C'est un terme que j'affectionne particulièrement ceci-dit, car il partage son étymologie avec le plus beau des mots et des ressentis, la LIBERTÉ !
Un libertin, c'est quoi ? Le mot « libertin » vient du latin « libertus » qui signifie « affranchi ». En d'autre termes, le libertin bénéficie d'une liberté de penser et s'adonne aux plaisirs charnels avec une liberté qui dépasse les limites de la morale conventionnelle". Le mot-clé dans tout ça : liberté de penser !
Mais revenons-en à nos moutons... Le libertinage version 2.0 est très attirant car il envisage d'entrer en lien avec des êtres aimés et/ou pour le moins désirés, sans signer un contrat pour la vie. Mais pouvoir vivre heureux et épanoui dans un mode de relation comme celui-ci demande d'innombrables ressources. En effet, exit l'alter ego réparateur, rassurant, sparadrap... en un mot : exit le prince charmant, exit la maman et bye bye le papa.
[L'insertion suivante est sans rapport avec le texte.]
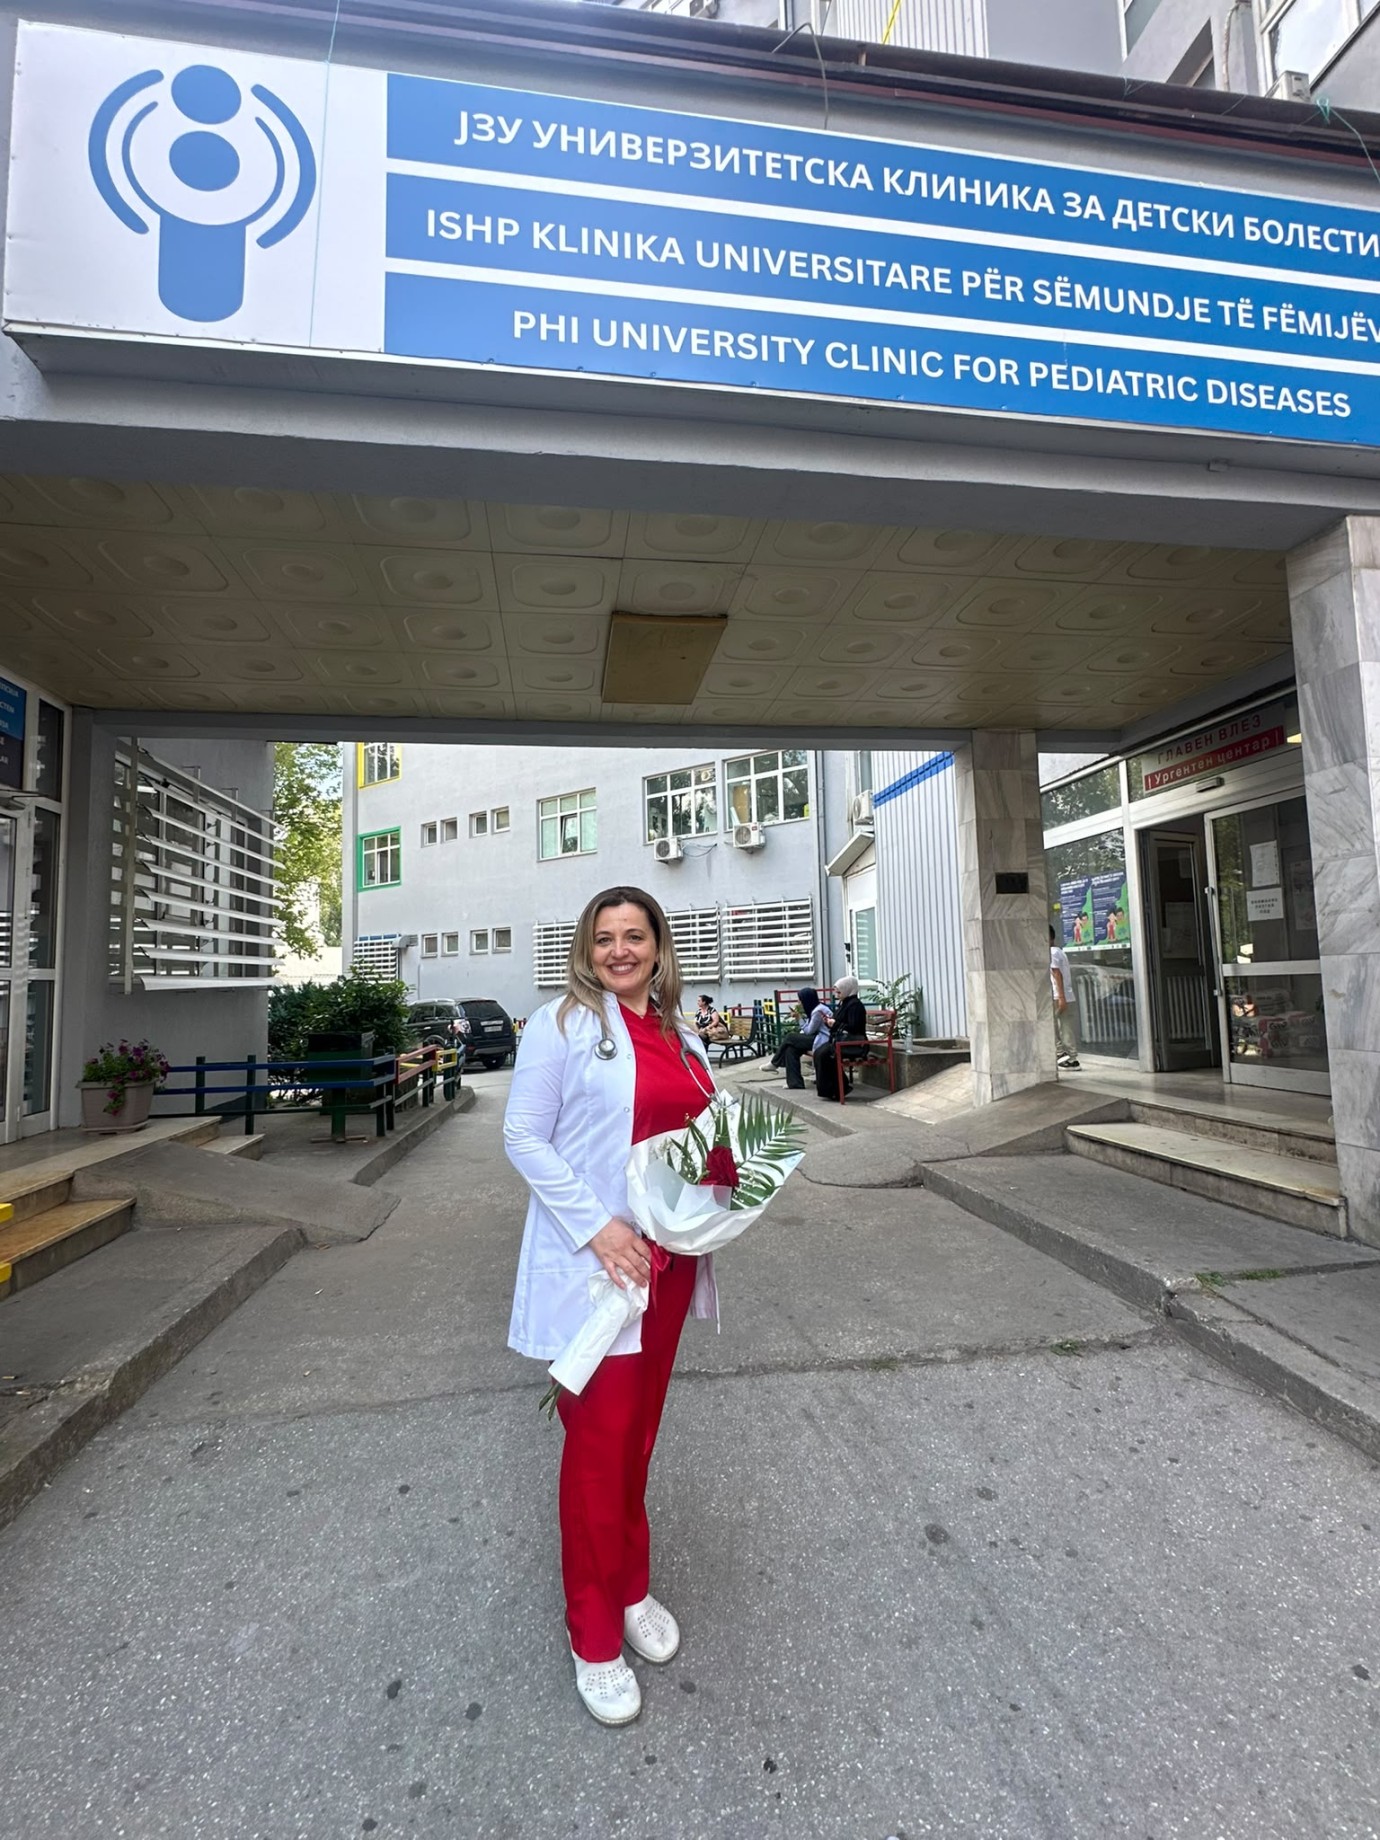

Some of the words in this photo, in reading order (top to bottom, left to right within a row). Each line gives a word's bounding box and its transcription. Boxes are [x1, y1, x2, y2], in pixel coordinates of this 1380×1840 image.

[453, 110, 523, 147] ЈЗУ
[532, 119, 874, 191] УНИВЕРЗИТЕТСКА
[883, 166, 1055, 215] КЛИНИКА
[1064, 191, 1105, 222] ЗА
[1111, 198, 1235, 239] ДЕТСКИ
[1243, 216, 1380, 258] БОЛЕСТИ
[426, 208, 520, 246] ISHP
[532, 220, 686, 266] KLINIKA
[695, 239, 952, 295] UNIVERSITARE
[962, 268, 1025, 303] PËR
[1033, 276, 1212, 325] SËMUNDJE
[1218, 297, 1255, 330] TË
[513, 309, 580, 345] PHI
[592, 318, 815, 365] UNIVERSITY
[824, 341, 944, 379] CLINIC
[953, 353, 1020, 386] FOR
[1029, 361, 1198, 403] PEDIATRIC
[1206, 379, 1351, 419] DISEASES
[1155, 757, 1213, 785] Ургентен
[1217, 737, 1270, 766] центар
[1157, 734, 1214, 765] ГЛАВЕН
[1218, 714, 1262, 741] ВЛЕЗ
Il s'agit bel et bien de voler de ses propres ailes avec comme seul allié son désir. Vivre avec son désir, dirons certains, ce n'est justement pas difficile ! Et bien si, ce n'est pas si facile d'écouter son propre désir sans se faire rattraper par les normes sociales ancrées au plus profond de nos êtres. En effet, il s'agit d'identifier son désir et non pas celui qui est motivé par un soi idéal qui aurait la fâcheuse conséquence de nous plonger dans les abysses. A quel moment de notre éducation avons-nous été préparés à vivre ce grand Saut ? Certainement pas à l'école ou le but est de nous inculquer une discipline, certainement pas à l'église non plus et ce n'est pas avec nos parents que nous aurons pu apprendre de telles valeurs. En effet, bien que désireux (!) de nous laisser le choix, ils étaient eux-mêmes comprimés dans des rôles parentaux et éducatifs laissant que peu de place à leur propre désir.
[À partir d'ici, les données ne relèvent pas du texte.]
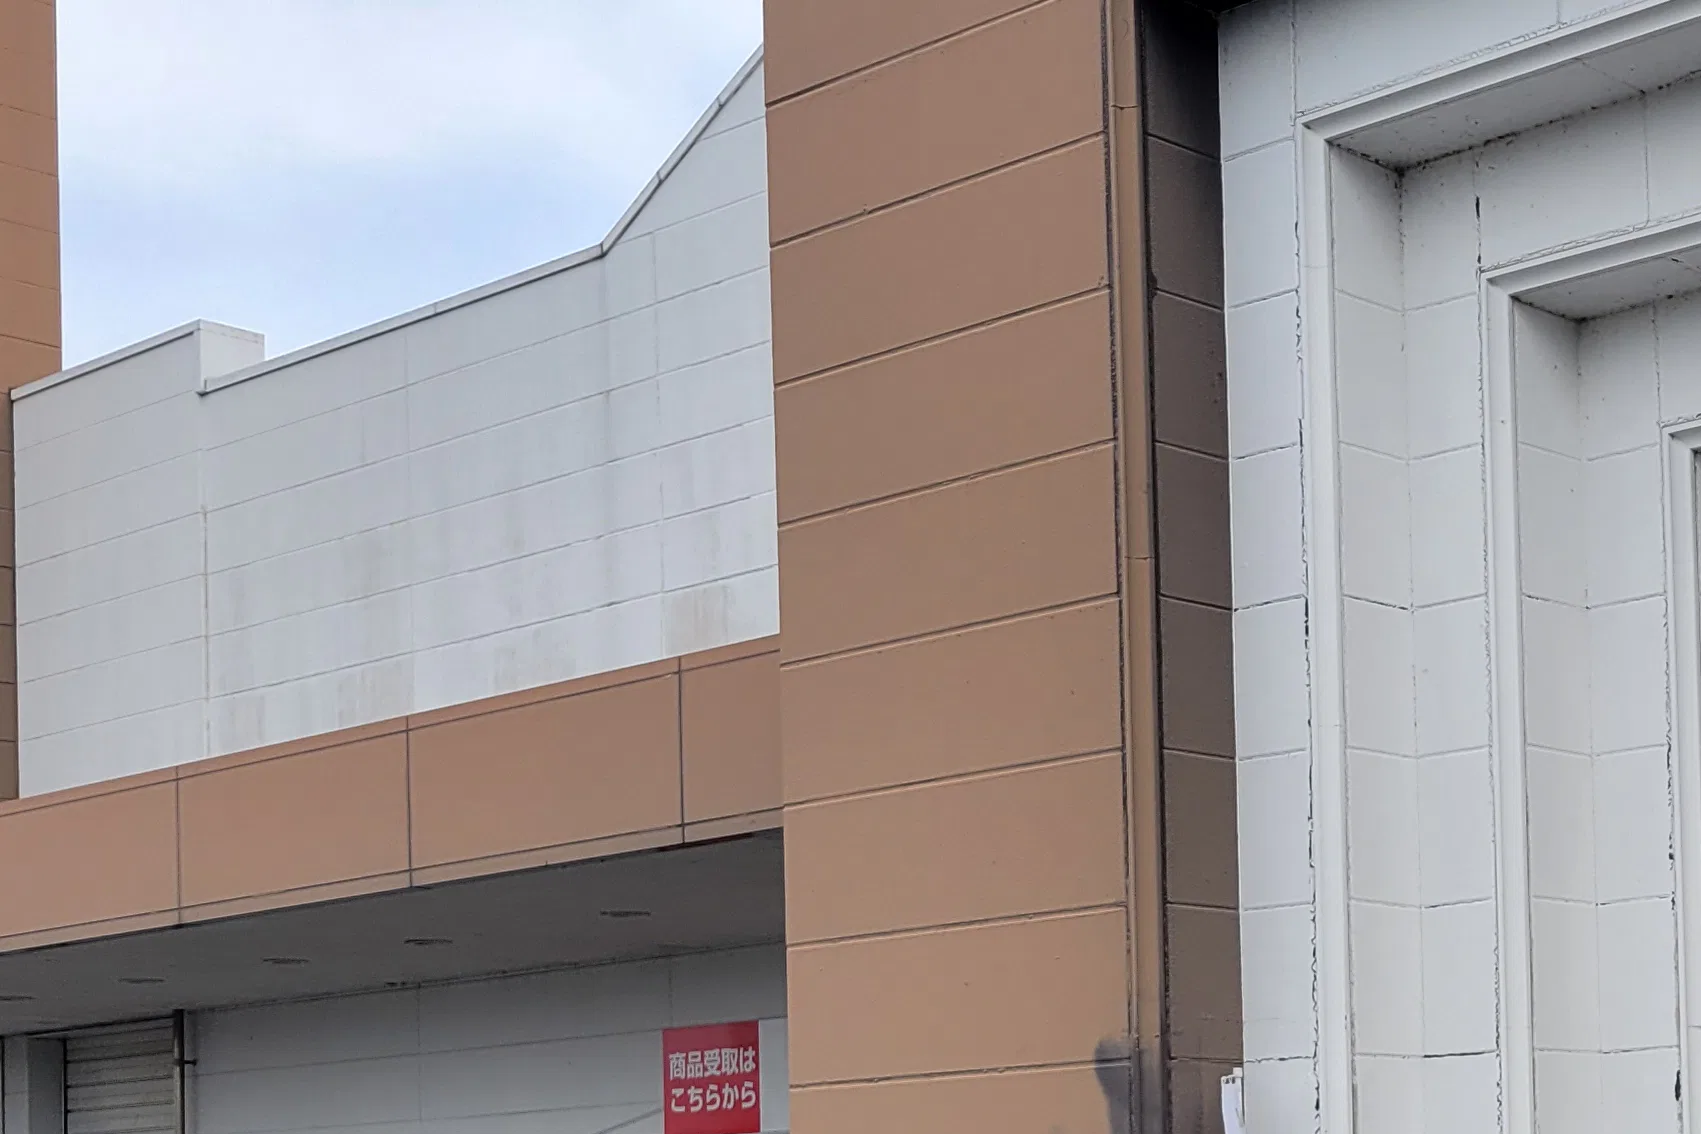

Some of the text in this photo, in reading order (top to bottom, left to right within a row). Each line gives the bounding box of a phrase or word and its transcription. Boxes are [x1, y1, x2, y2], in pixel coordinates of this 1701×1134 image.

[669, 1045, 756, 1080] 商品受取は
[671, 1081, 756, 1113] こちらから
Alors, ce que j'en retire personnellement en tant que trentenaire ne trouvant pas encore son modèle de prédilection, c'est que j'ai passé les 15 dernières années de ma "vie sentimentale" à osciller entre les "il faut que" et "je voudrais". J'ai entamé une psychanalyse il y maintenant près de 10 ans pour pouvoir finalement être plus proche de mes propres désirs et c'est un long chemin qui, en effet, demande un affranchissement par étapes.
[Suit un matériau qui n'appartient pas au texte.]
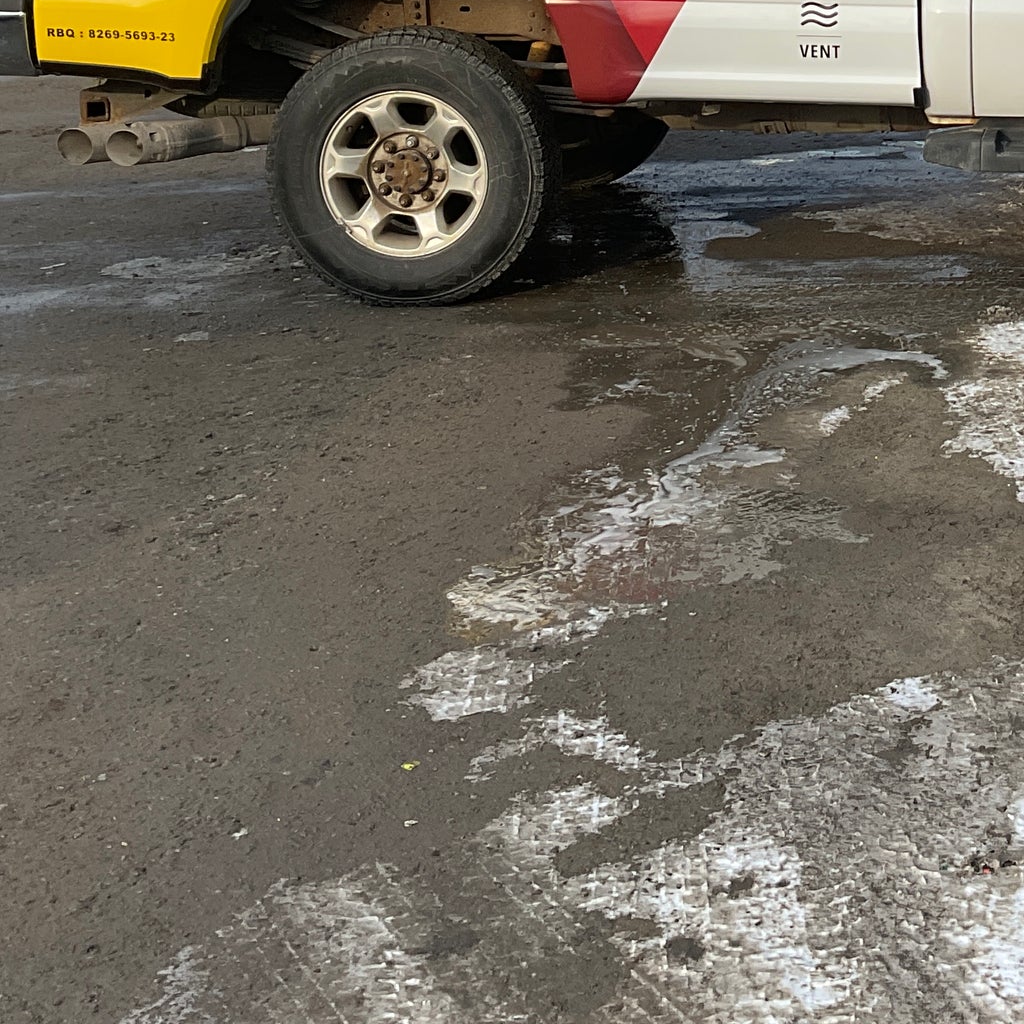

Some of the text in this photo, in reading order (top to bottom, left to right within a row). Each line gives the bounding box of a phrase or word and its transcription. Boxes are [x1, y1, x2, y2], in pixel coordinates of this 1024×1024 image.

[47, 28, 75, 38] RBQ
[88, 29, 176, 42] 8269-5693-23
[800, 44, 841, 59] VENT
Pour rentrer un peu plus dans le vif du sujet qui est l'objet de cet article, je vais parler de mes propres expériences. Je suis actuellement et depuis quelques années célibataire et je papillonne avec mon désir et ses obstacles là ou le vent nous mènent ! En d'autres termes, je vis des relations qu'on qualifierait aujourd'hui de "friend with benefit" ou de relation "non-sérieuse" ou encore "non-officielle". Au fond, ce sont des liens sans contraintes ou seul le plaisir est invité. Mais est-ce possible ? et surtout combien de temps ? Et, surtout, pourquoi les liens devraient-ils être autrement ? Pourquoi devrait-on accepter de l'autre avec qui nous avons des relations intimes de partager tout le reste de sa vie et alors de renoncer à la notre ? N'est-ce pas vouloir assouvir ce besoin de fusion qui découle de l'attachement maternel ?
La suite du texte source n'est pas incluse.